Why Europe having fewer skeptics matters

Extreme weather in the summer is not a new issue in Europe. The heat wave of 2003 was estimated to have killed as many as 30,000 people in Europe due to the lack of air conditioning and infrastructure to care for those vulnerable to heat strokes, such as the elderly. The heat wave that broke records across the EU this summer was even hotter. These weather changes, hand-in-hand with the sudden surge in Green party success in EU and national elections, underscore that there is both pressing concern over climate change and a willingness to prioritize it among voters. 

Without climate deniers across the political aisle to delay or weaken environmentally-oriented legislation, it is likely that the business environment will soon be dramatically changed as the EU and member state governments adjust policies and regulations to combat climate change and protect their populations from future extreme weather.

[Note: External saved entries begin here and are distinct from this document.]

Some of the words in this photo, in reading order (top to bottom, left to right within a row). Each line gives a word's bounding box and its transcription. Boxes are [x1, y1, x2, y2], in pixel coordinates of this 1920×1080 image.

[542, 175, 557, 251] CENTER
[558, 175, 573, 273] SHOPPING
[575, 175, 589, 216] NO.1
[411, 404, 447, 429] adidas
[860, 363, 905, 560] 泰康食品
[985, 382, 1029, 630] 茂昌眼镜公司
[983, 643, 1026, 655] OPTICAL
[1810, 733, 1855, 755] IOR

Why the ‘American solution’ won’t work and building styles won’t change

The U.S. has extreme heat on a constant basis in places like Arizona and Texas, but the classical solution – to air condition every building – will not work in Europe because energy costs are twice the U.S. average and likely to rise quickly as governments are forced to switch to more expensive (in the short-term) renewable sources. The EU’s renewable energy directive was modified in 2018 to establish a 32% renewable energy target for 2030, which will likely keep energy prices high as more investments are needed to help develop renewable sources such as solar, wave and wind energy ‘farms’.  

Logical efforts to change building materials and styles to improve the ambient temperatures for residents are near impossible to implement in established cities in Europe. Traditional building styles that are intended to save on heating costs by trapping air inside often exacerbate heat waves since these buildings cannot effectively cool. New materials and building styles in the suburbs offer energy-efficient solutions to newer areas, but traditional architectural areas in downtown Prague, Rome and Paris are poorly positioned to embrace these options. It is inevitable that air conditioning use will increase (currently only 5% of European buildings are equipped with air conditioning, compared to 90% in the U.S.) but based on electricity costs and emission reduction goals in the EU, it is only a partial answer to the extreme weather problem.  Europe must find its own solution, and this search for alternatives will open up new opportunities for innovative companies.

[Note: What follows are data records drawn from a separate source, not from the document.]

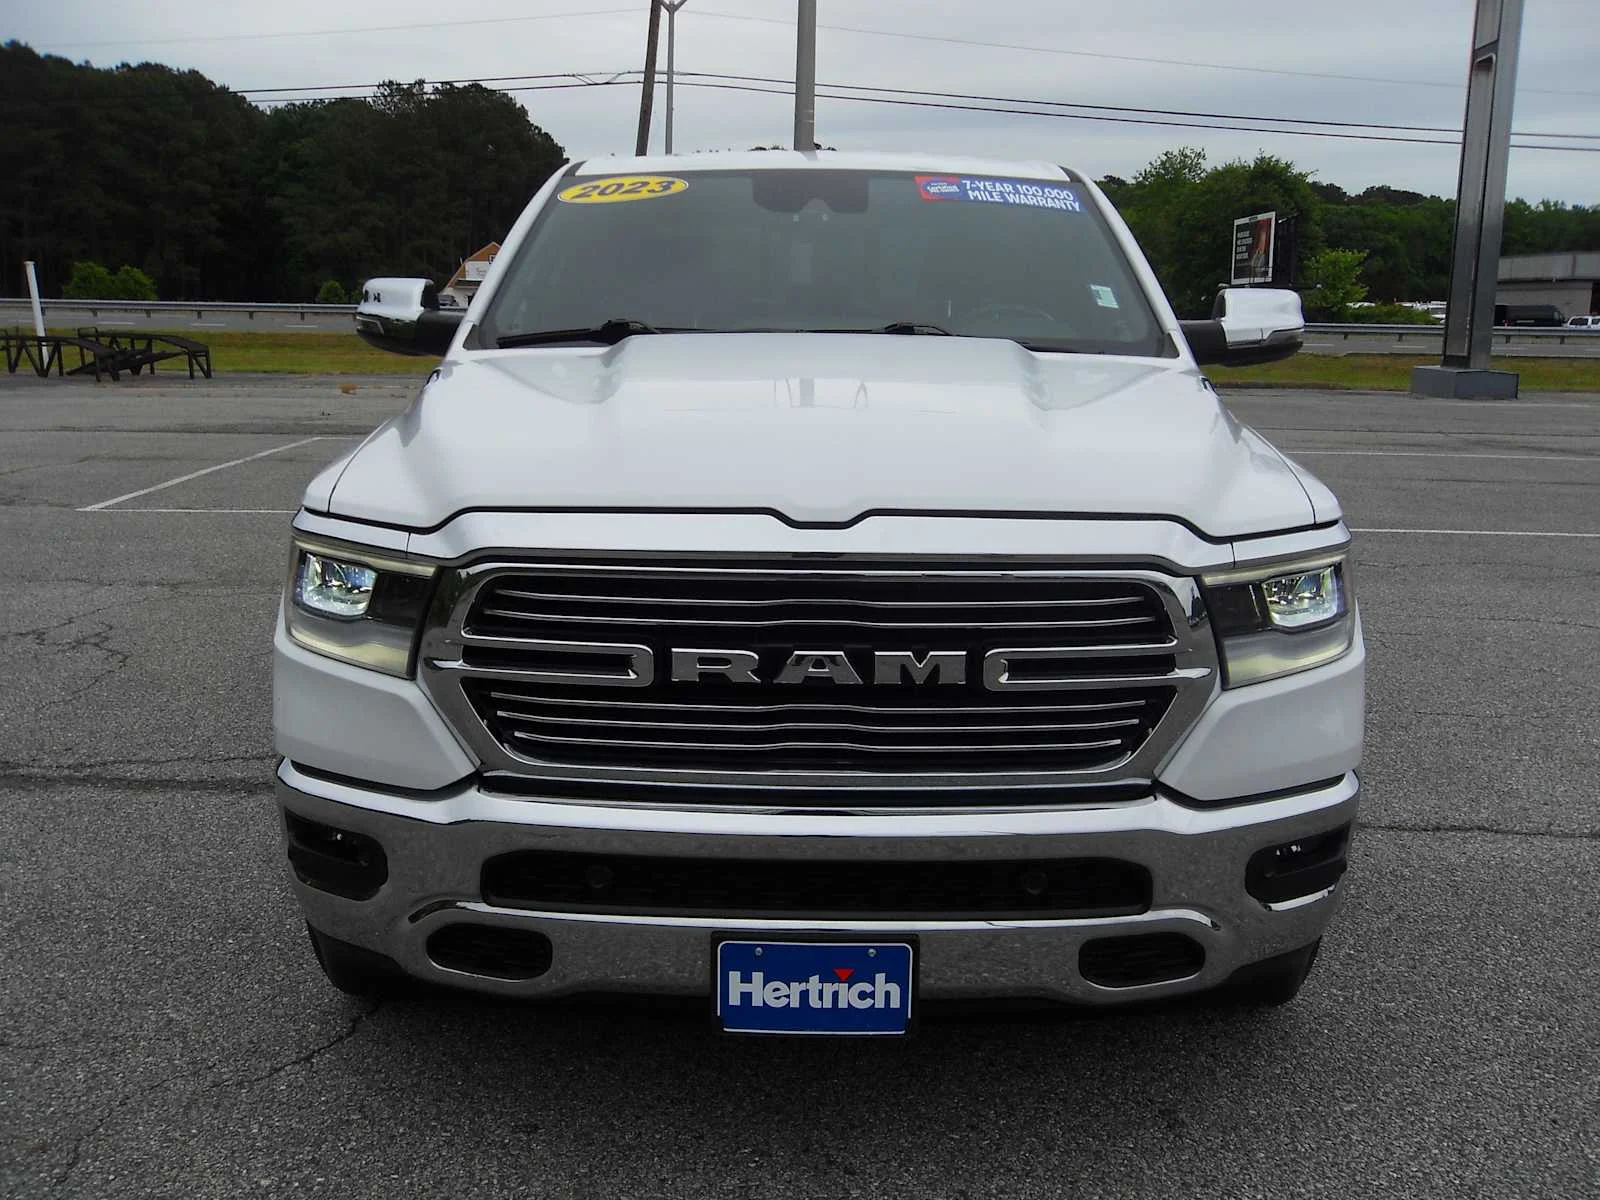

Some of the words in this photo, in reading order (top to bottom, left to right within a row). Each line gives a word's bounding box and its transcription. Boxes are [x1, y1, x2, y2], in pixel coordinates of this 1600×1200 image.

[570, 181, 675, 199] 2023
[962, 180, 1014, 193] 7-YEAR
[967, 190, 1003, 202] MILE
[1004, 193, 1080, 211] WARRANTY
[671, 648, 967, 684] RAM
[728, 968, 901, 1009] Hertrich

What business opportunities appear as Europe combats climate change?

How will consumer habits change in the face of public concern over emissions and fears over ever-worsening extreme weather? What new business opportunities can we expect to see in Europe as Green-leaning governments and climate-conscious voters bring wholesale changes to the regulatory structure of the European Union in an attempt to combat climate change? Three areas of interest jump out: new government and venture capital funding for innovation, sharply increased transportation costs which will change logistics patterns and purchasing habits, and dramatic shifts to the land use and building traditions which should open up opportunities to U.S. companies.

Innovation will be valued and funded as never before

According to the Global Innovation Index for this year, seven of the top ten most innovative nations are located in Europe, and yet the U.S. (number three on the Index) outspent Europe on research and development by 20%. That is not to say that Europe is not investing in climate change innovation. On the contrary, in 2018, the European Investment Bank committed over 16 billion Euros to combating climate change, a number which has increased each year for a decade. Over $23 billion (US) was invested in innovative new European companies through venture capitalism last year alone.  These numbers will shoot up in the years to come as governments scramble to support new solutions to extreme weather challenges and climate change. 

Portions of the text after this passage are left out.